Was er sah, ließ ihm das Blut in den Adern gefrieren. Inmitten eines unheimlichen, bläulichen Lichts feierte eine Schar skurriler Gestalten. Und ganz vorne, am Kopf der Tafel, saß der Teufel höchstselbst im Hochzeitsfrack und vermählte sich mit einer ebenso teuflischen Braut. Vor Schreck stolperte der Diener zurück. Am nächsten Morgen fand man ihn bleich und stumm in seinem Bett – er verstarb noch am selben Tag, konnte dem Wirt aber unter Schweißausbrüchen gerade noch flüstern, wen er da oben beobachtet hatte.

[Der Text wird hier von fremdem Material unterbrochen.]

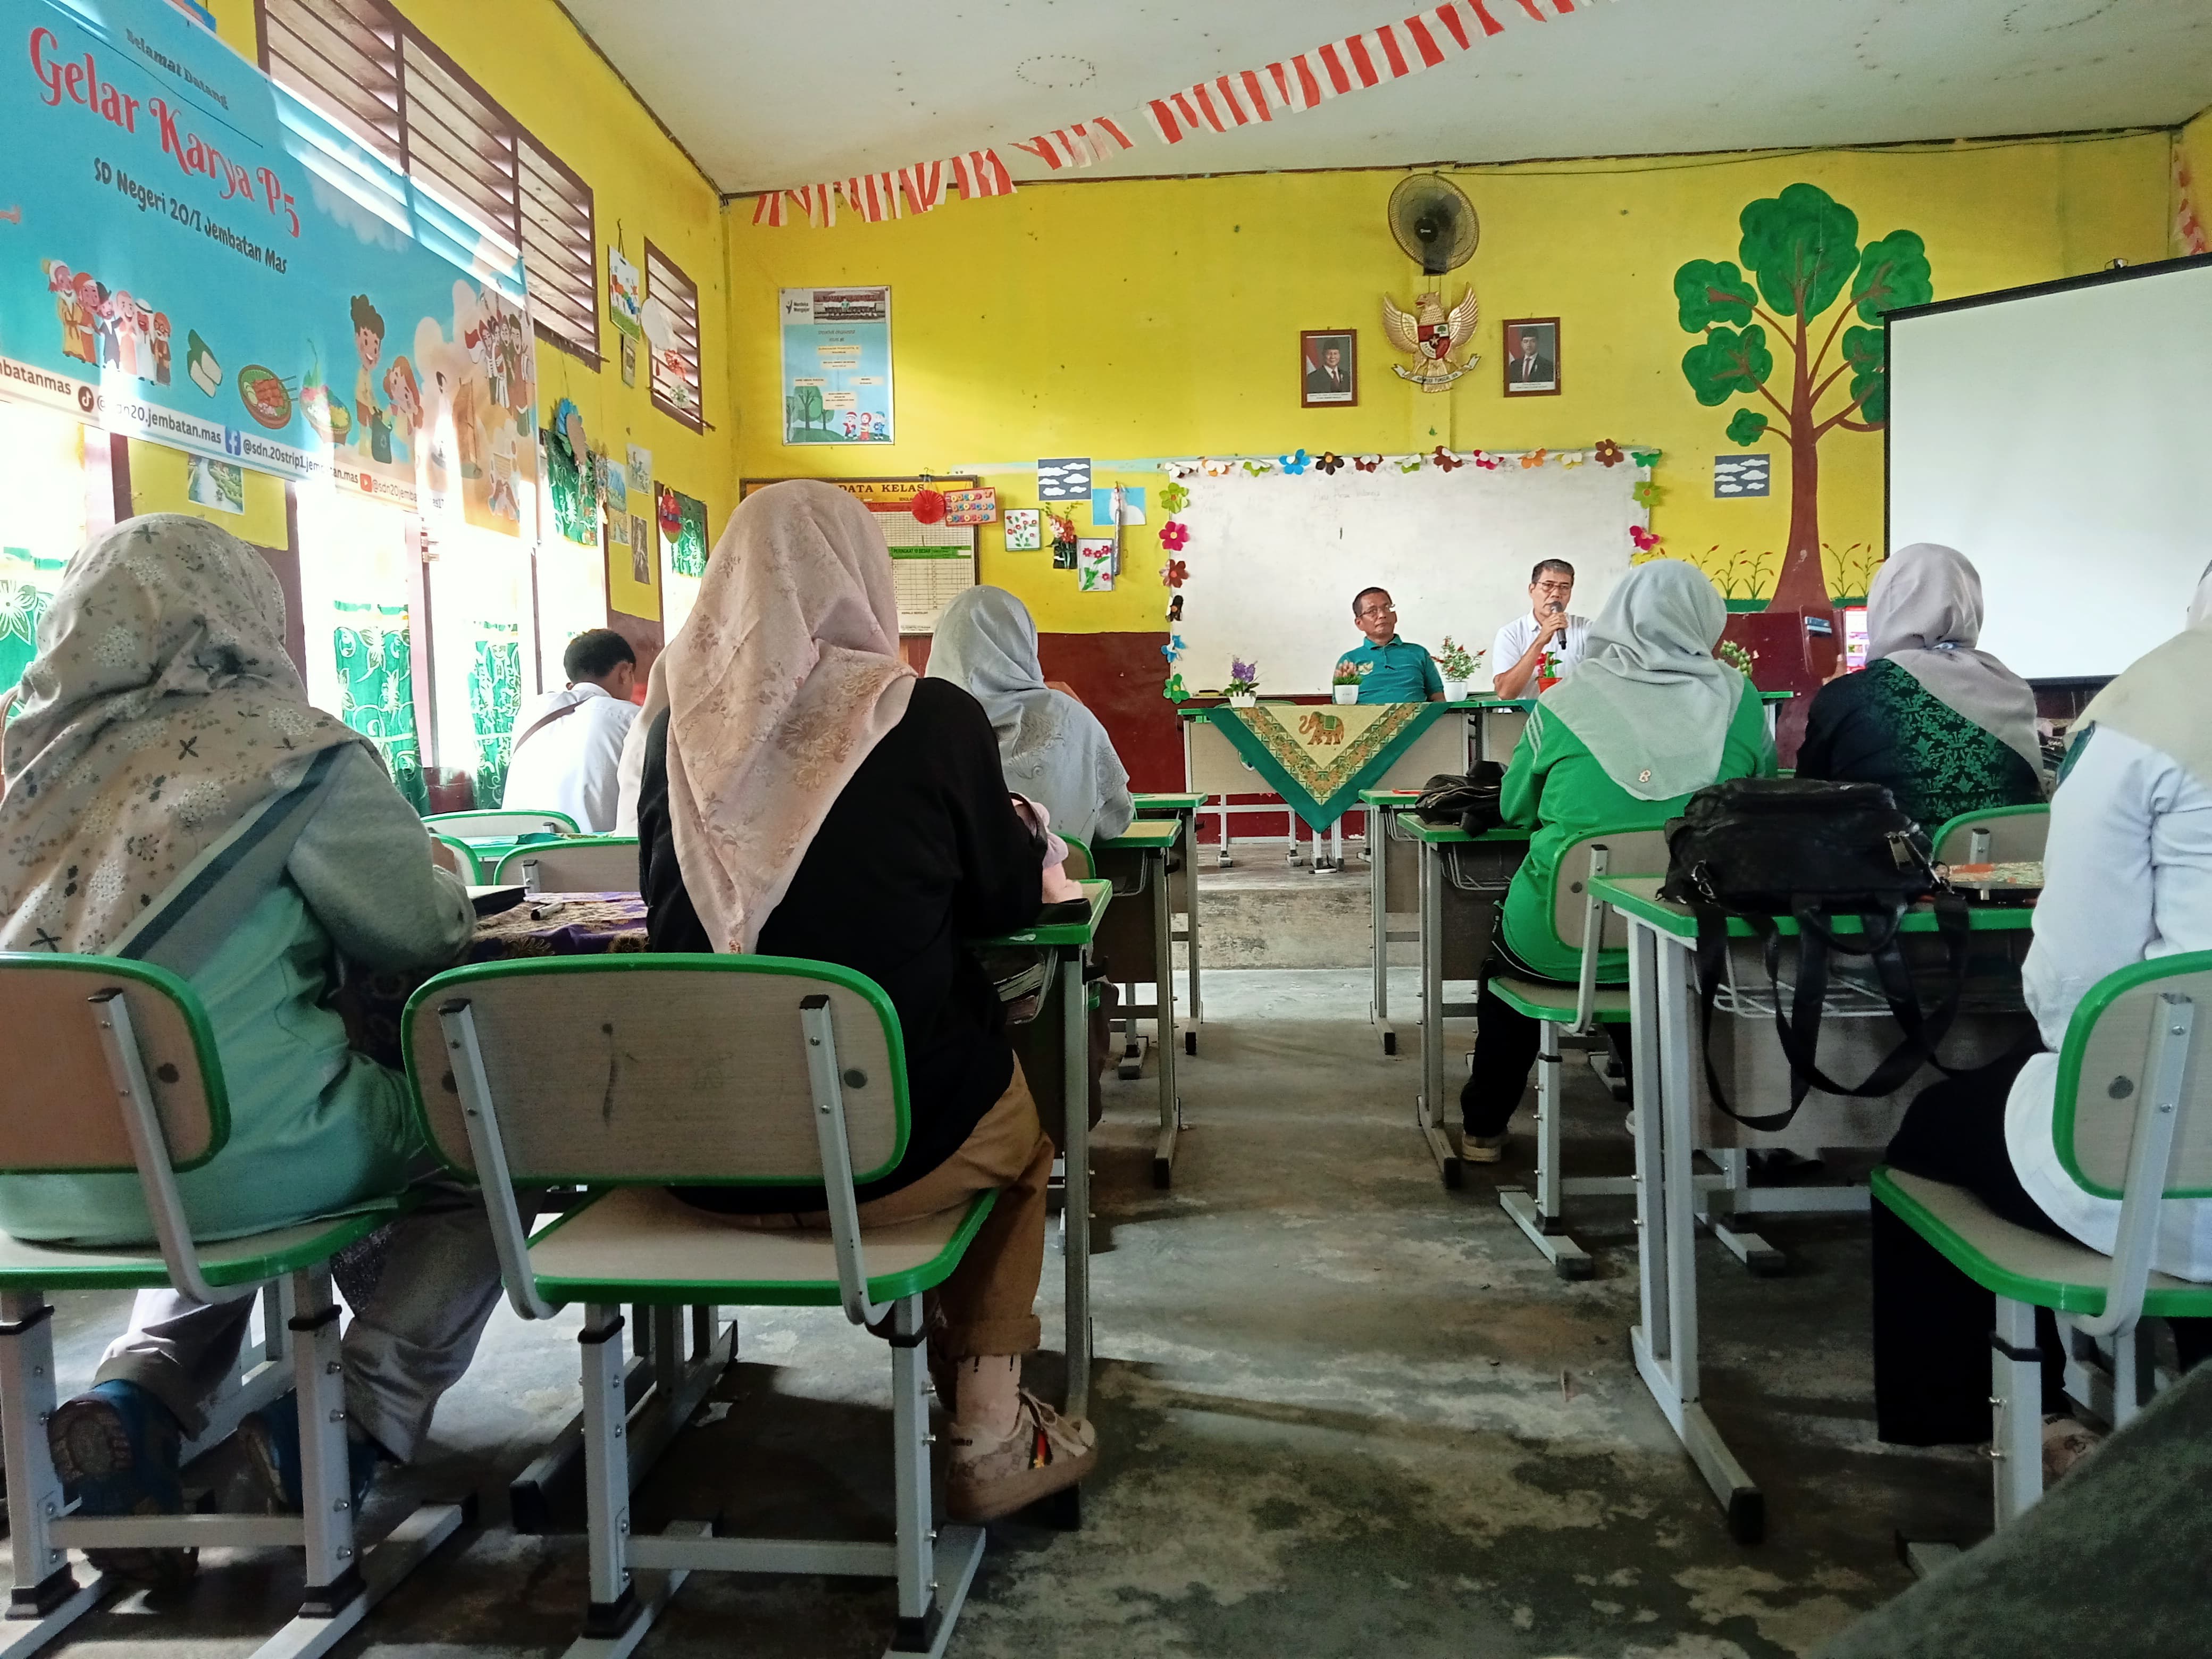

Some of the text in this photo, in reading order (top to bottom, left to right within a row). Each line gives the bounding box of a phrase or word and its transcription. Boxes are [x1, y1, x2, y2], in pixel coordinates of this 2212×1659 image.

Rataskaevu 16: Tallinns Baltikum estland

Das zugemauerte Fenster der Sünde

Der Wirt geriet in Panik. Um den Teufel und seine Dämonen für immer aus dem Haus zu verbannen und der sündigen Etage das Licht zu nehmen, ließ er das betroffene Fenster im obersten Stockwerk augenblicklich komplett mit dicken Steinen zumauern.

Wenn du heute auf deiner Reise durch Tallinn an dem Haus vorbeikommst, richte den Blick nach ganz oben. Du wirst das berühmte Fenster sofort sehen: Es ist bis heute zugemauert, aber – um die Touristen bei der Stadtführung zu erfreuen – täuschend echt mit Gardinen und Fensterrahmen bemalt.

Egal, ob du als Backpacker auf Gruseltour bist oder als Camper nach einem langen Tag im Wohnmobil eine legendäre Anekdote suchst: Die Rataskaevu 16 zeigt, dass man bei der Zimmervermietung im Baltikum manchmal genauer auf die Gästeliste schauen sollte!